Mobile Text-to-Image Search(MoTIS)
MoTIS is a minimal demo demonstrating semantic multimodal text-to-image search using pretrained vision-language models. Semantic search represents each sample(text and image) as a vector in a shared semantic embedding space. The relevance score can then be measured as similarity(cosine similarity or distance) between vectors.
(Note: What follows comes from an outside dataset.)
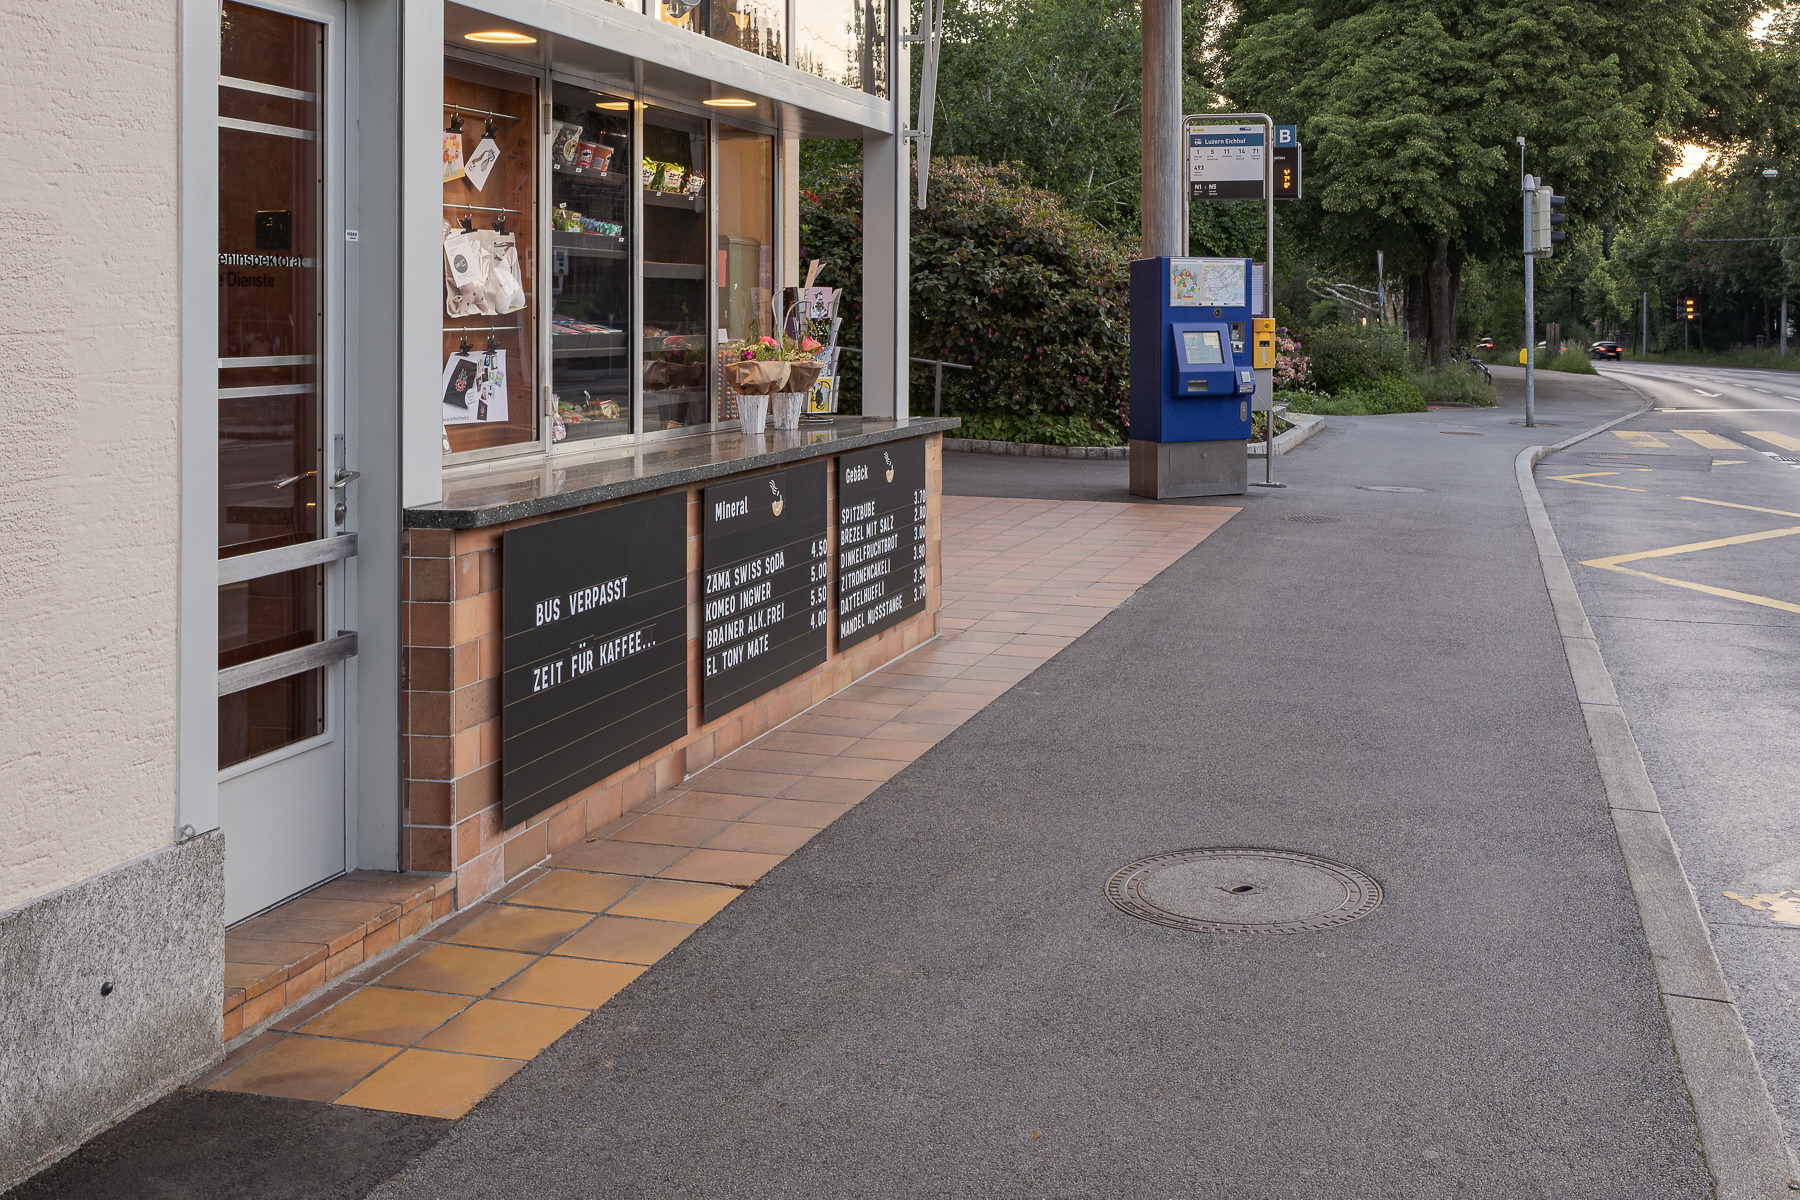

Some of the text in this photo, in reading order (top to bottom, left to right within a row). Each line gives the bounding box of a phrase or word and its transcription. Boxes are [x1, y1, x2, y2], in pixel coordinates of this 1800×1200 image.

Distilled Image Encoder Checkpoints
Model | Google Drive | Hit@10 on MSCOCO 2017 |
---|---|---|
original CLIP(336MB) | https://drive.google.com/file/d/1K2wIyTuSWLTKBXzUlyTEsa4xXLNDuI7P/view?usp=sharing | 58.6 |
Deit-small-distilled-patch16-224(84MB) | https://drive.google.com/file/d/1Fg3ckUUqBs5n4jvNWZUcwwk7db0QBRri/view?usp=sharing | 62.1 |
ViT-small-patch16-224(85MB) | https://drive.google.com/file/d/1s_oX0-HIELpjjrBXsjlofIbTGZ_Wllo0/view?usp=sharing | 63.8 |
ViT-small-patch16-224(train with larger batch size) | https://drive.google.com/file/d/1h_w9msJMB4F-dR6uNwp-BHeguS5QIrnE/view?usp=sharing | 64.7 |
Note that these ckpts are not ckpt from state_dict(), but rather the ckpt after torch.jit.script operation. The same original CLIP text encoder is used for all various image encoders.
Recent Updates:
- We use pretrained ViT-Small(85MB) as initialization for the student model. Using the same distillation pipeline, it achieves even better results(2 points higher Hit@1) than the previous Deit-small-distilled model. Link of the jit scirpt checkpoint is here.
- A more effective distilled image encoder(84MB compared to the original 350MB ViT-B/32 in CLIP) is available here. This image encoder is initialized with DeiT-base-distilled's pre-trained weights, which leads to more robust image representation hence better retrieval performance(obtain higher Hit@1/5/10 than original CLIP on MSCOCO validation set). It is further learned through supervised learning and knowledge distillation.
- Transplanted Spotify's Annoy Approximate Nearest Neighbor search in this project(annoylib.h).
- Relatively low quality images are displayed by default. Retrieved images are displayed with high quality. This is designed to reduce the runtime memory.
Features
- text-to-image retrieval using semantic similarity search.
- support different vector indexing strategies(linear scan, KMeans, and random projection).
Screenshot
Installation
- Download the two TorchScript model files(text encoder, image encoder) into models folder and add them into the Xcode project.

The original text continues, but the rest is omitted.